L’affaire commence il y a quelques semaines quand Google a mis à jour le calendrier de l’implémentation de la Privacy Sandbox, ce projet qui vise à réinventer le fonctionnement du web, notamment par la suppression de cookies tiers de son navigateur Chrome.
Afin d’éviter tout dévoiement de la concurrence de la part de Google, dont Chrome pèse pour le desktop 65,8 % de part de marché dans le monde, ce calendrier est « encadré » par la Competition and Market Authority du Royaume-Uni. Elle a contraint la firme de Mountain View à déployer des tests et à travailler avec le marché. Ainsi, après une phase de tests de six mois à partir du 1er janvier 2024, sur 1 % des utilisateurs de Chrome, le calendrier prévoit une montée en puissance de la suppression de cookies tiers, pour finir et être à 100 % des utilisateurs sans cookies avant la fin de 2024.
En juin dernier, cette dernière phase de tests commençait au début du troisième trimestre 2024, et devait se terminer fin 2024, comme l’indiquait le site web édité par Google sur le projet, privacysandbox.com.
Mais en novembre, en quelques jours, Google a mis à jour son calendrier sur le site destiné aux développeurs : cette dernière phase critique de montée en puissance ne dure plus que trois mois, du milieu du 3e trimestre au milieu du 4e trimestre.
Et c’est un problème pour les acteurs du marché. « Cela nous donne trois mois de moins, pour un changement très profond sur le marché de la publicité en ligne.

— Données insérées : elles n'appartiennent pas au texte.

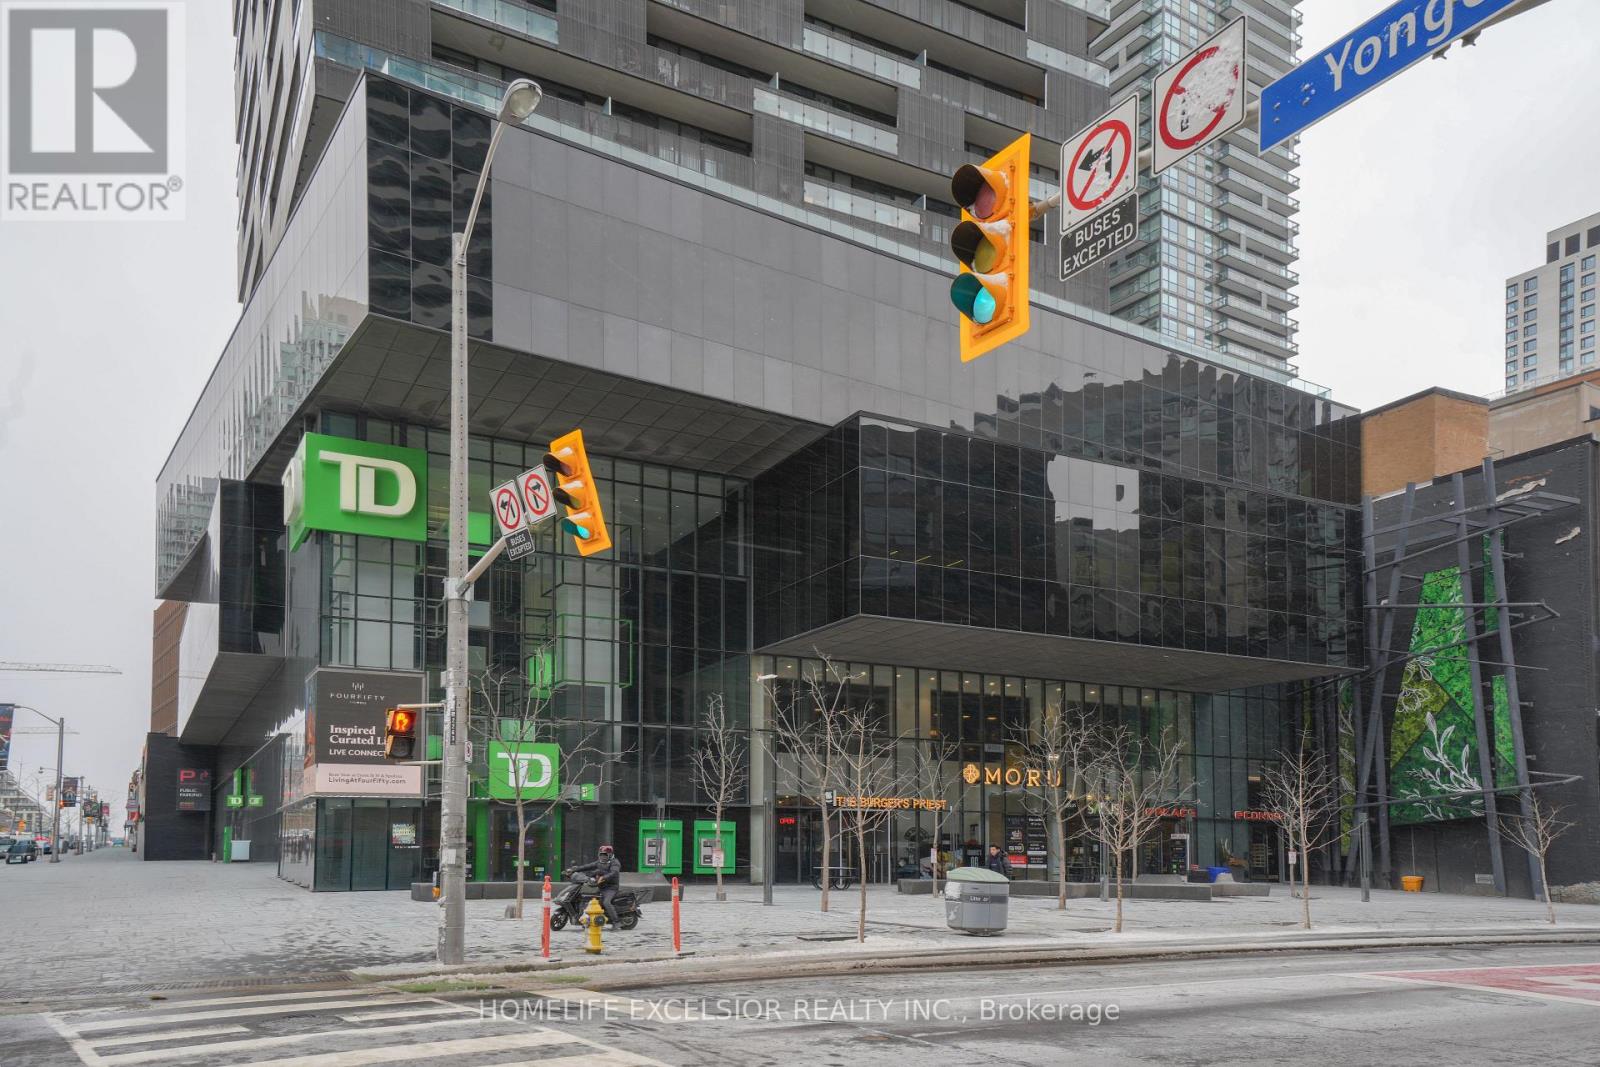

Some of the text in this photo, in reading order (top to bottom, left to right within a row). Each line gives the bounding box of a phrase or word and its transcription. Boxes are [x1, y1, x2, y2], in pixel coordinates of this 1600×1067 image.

[1075, 207, 1121, 248] BUSES
[1063, 222, 1134, 275] EXCEPTED
[319, 449, 417, 517] TD
[510, 533, 526, 547] BUSES
[509, 541, 533, 558] EXCEPTED
[330, 692, 385, 701] FOURFIFTY
[330, 724, 376, 737] Inspired
[330, 735, 374, 745] Curated
[180, 769, 196, 781] P
[497, 753, 552, 788] TD
[860, 796, 910, 809] BURGER'S
[912, 799, 947, 810] PRIEST
[779, 817, 795, 825] OPEN
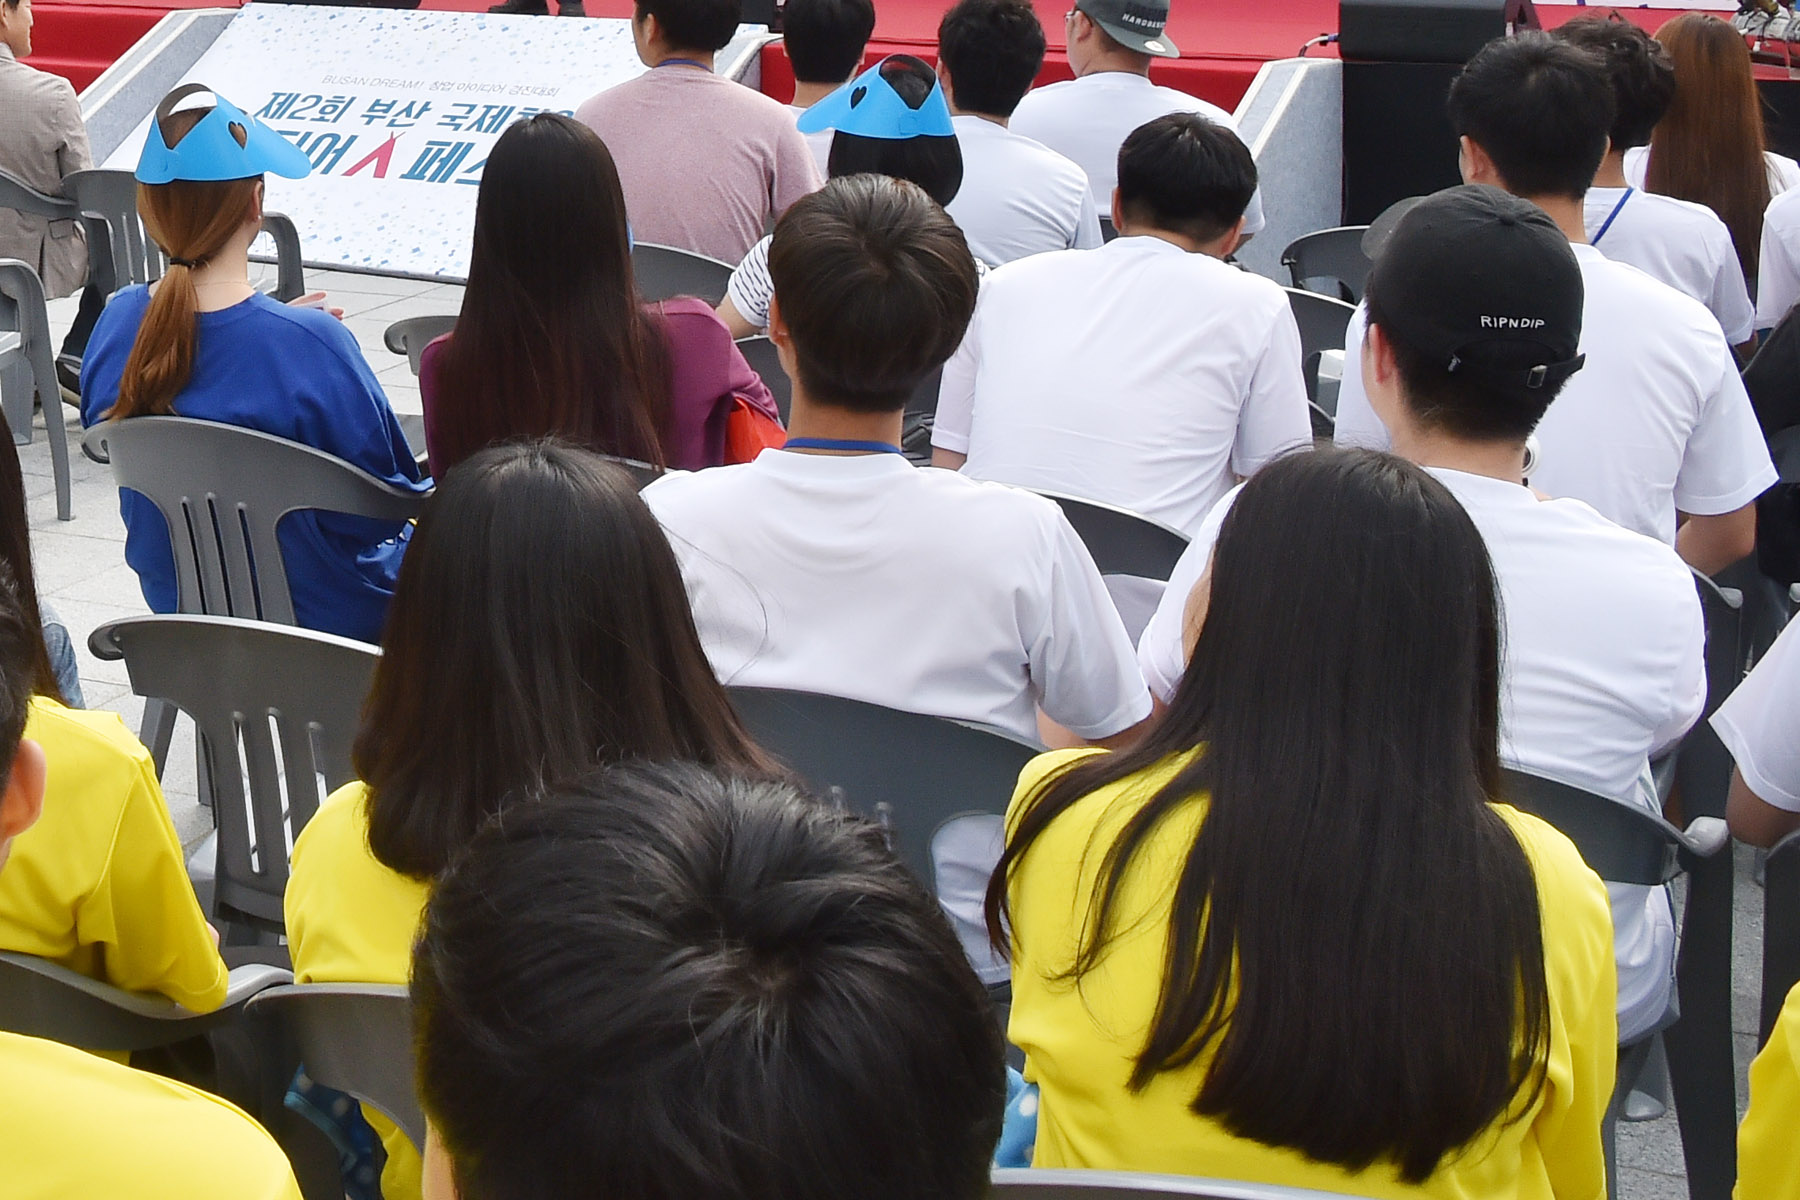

La montée en puissance se fera sur une période très courte », estime l’Alliance Digitale. C’est un petit centimètre sur un diagramme, mais dans la réalité, c’est un trimestre entier qui saute.
Statu quo
Interrogées par Stratégies, les équipes américaines de la Privacy Sandbox nient avoir modifié les dates. « Il n’y a pas de changement dans le calendrier de déploiement de la Privacy Sandbox. Nous avons toujours dit que la dépréciation des cookies tiers dans Chrome commencera au second semestre 2024. Nous restons bien engagés sur le calendrier indiqué », répond un porte-parole de Google. Et cela est vrai dans le sens où le groupe dans toutes ses communications indiquait un début de phase de montée en puissance de la suppression « by Q3 » (au cours du troisième trimestre 2024). Mais il n’empêche que les récentes mises à jour sur le site privacysandbox.com, scruté par le marché, retirent bel et bien trois mois aux entreprises dans cette phase.
Mais est-ce si important cela ? Car le calendrier lui-même reste en réalité très flou. Il est soumis à une injonction légale qui pourrait décaler les choses. Et c’est la grande inconnue de la Privacy Sandbox. La CMA, dans son approche, prévoit de réaliser une période de statu quo, dès le 1er juillet, après les six mois de tests grandeur nature sur 1 % des utilisateurs. Le droit de la concurrence au Royaume-Uni prévoit ainsi une « standstill period » durant laquelle le projet est gelé, afin de vérifier que la suppression des cookies tiers ne pose aucun souci de concurrence. Cette période sera de 60 jours, après la fin des six mois de tests, et elle sera renouvelable. Ainsi, la suppression progressive des cookies tiers ne pourra a minima commencer qu’à partir du 1er septembre (60 jours après le début du troisième trimestre). Interrogé sur ce point, Google affirme « [qu'] il n’y a eu aucun changement dans notre calendrier prévu en raison de la “standstill period” ».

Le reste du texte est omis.